In rebuffing Gannett Co.’s unsolicited $425 million acquisition offer – since sweetened to $479 million – Tribune Publishing Co. has pushed the envelope on acceptable corporate governance practices.

“The rules about how to respond to an unsolicited offer are very clear,” said Nell Minow, a corporate governance expert at ValueEdge Advisors in Washington, D.C. “It’s almost like a recipe you have to follow.”

After receiving a fully financed offer – especially one at a healthy premium over the current stock price – the board of a public company should convene an outside committee of independent advisers, along with an investment banker, to evaluate the offer and, potentially, solicit others.

“This process assures the shareholder that you’re looking out for their interests,” Minow said. “What you’re not allowed to do is say, This isn’t for sale. Because it’s already been sold; it’s been sold to shareholders.”

Gannett’s initial bid for Tribune, at $12.25 a share, came in on April 25. At the time, the Chicago-based parent of the Los Angeles Times was trading at around $7.50. Its board, led by new Chairman Michael Ferro, unanimously rejected the offer at a May 4 meeting. In response, Gannett revised its bid up to $15 a share, a bid, including debt, that had an overall value of $864 million.

“Gannett is flexing its muscle, saying it’s going to be the only bidder,” said Hamed Khorsand, a media analyst at Woodland Hills-based BWS Financial Inc. “It puts a very high premium on Tribune.”

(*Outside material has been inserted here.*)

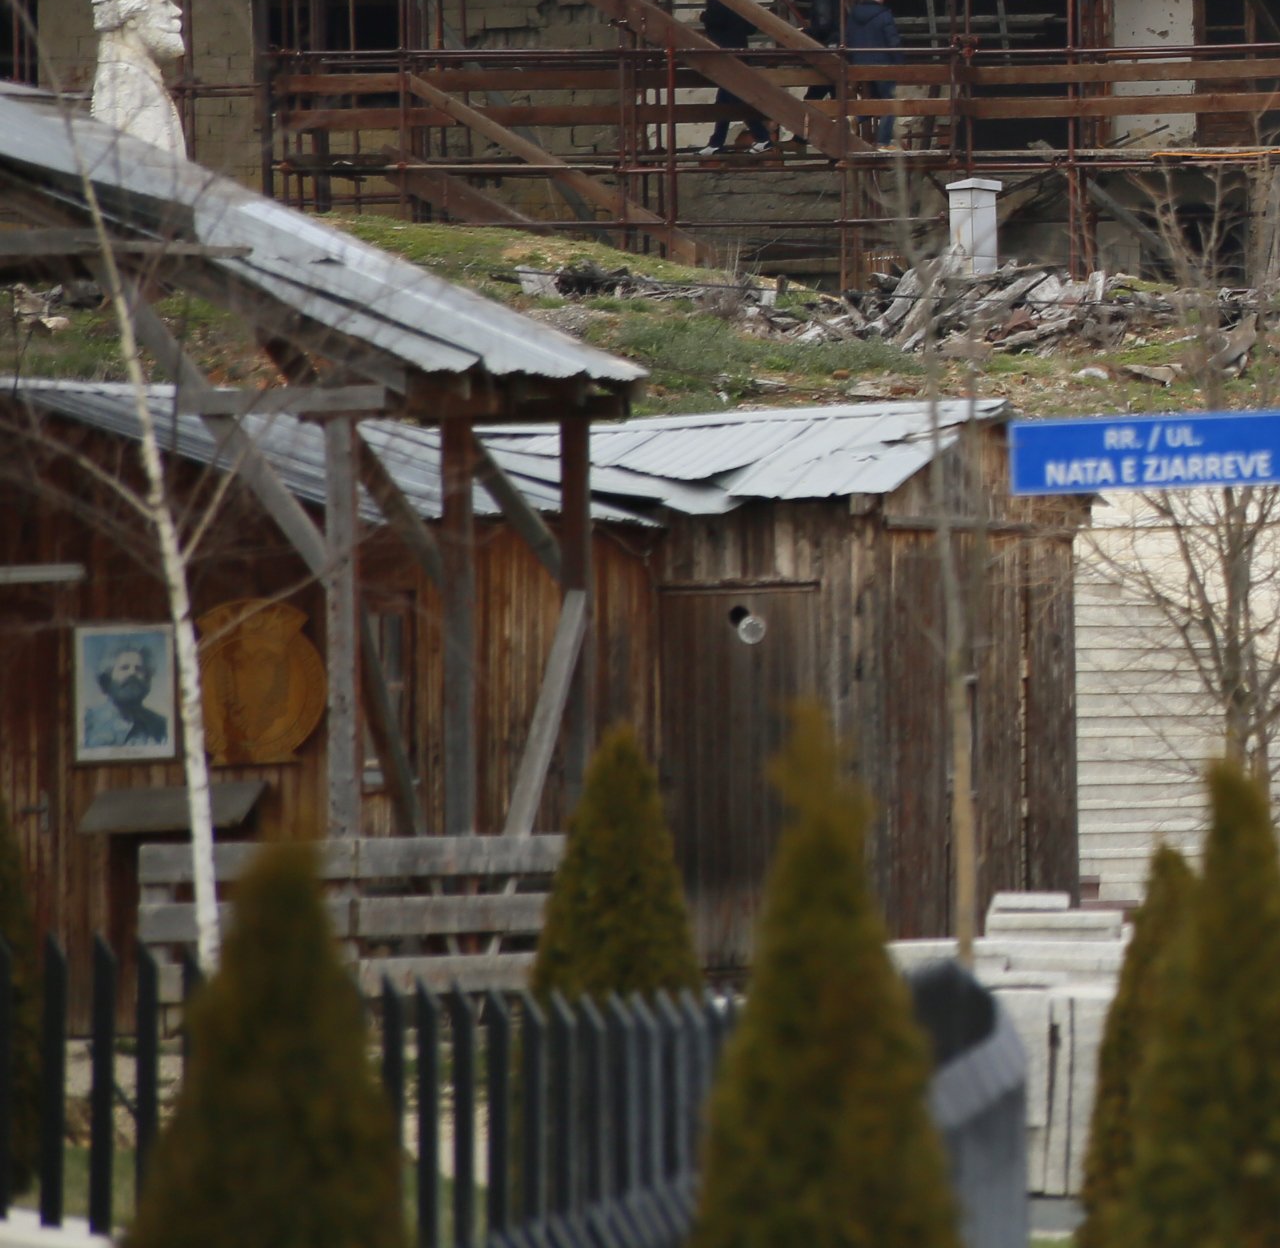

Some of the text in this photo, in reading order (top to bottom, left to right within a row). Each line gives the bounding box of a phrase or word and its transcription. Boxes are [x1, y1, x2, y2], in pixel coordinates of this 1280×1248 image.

But Tribune, led by Ferro, is holding firm on its resistance, an attitude that’s unusual given Tribune’s current valuation, said Khorsand.

The resistance persists in the face of pressure on the board from Tribune’s second-largest shareholder, downtown L.A. investment firm Oaktree Capital Management, to explore a potential deal.

“In my opinion, this approach makes them very vulnerable for a lawsuit from the shareholders or from Gannett,” said Minow.

Lay of the land

Tribune’s two largest outside shareholders, Oaktree and Pasadena’s Primecap Management, together control 27 percent of the company (Ferro’s Merrick Media paid $44.4 million for a 16 percent stake in February).

Other notable shareholders include Mount Flag Media Investment, based in Dana Point, which acquired a 5 percent interest in the company in October, and New York-based BlackRock Inc., which also owns about 5 percent.

None of the investors would comment on the Gannett offer.

But Oaktree has been firm in its desire to have the board consider the Gannett offer.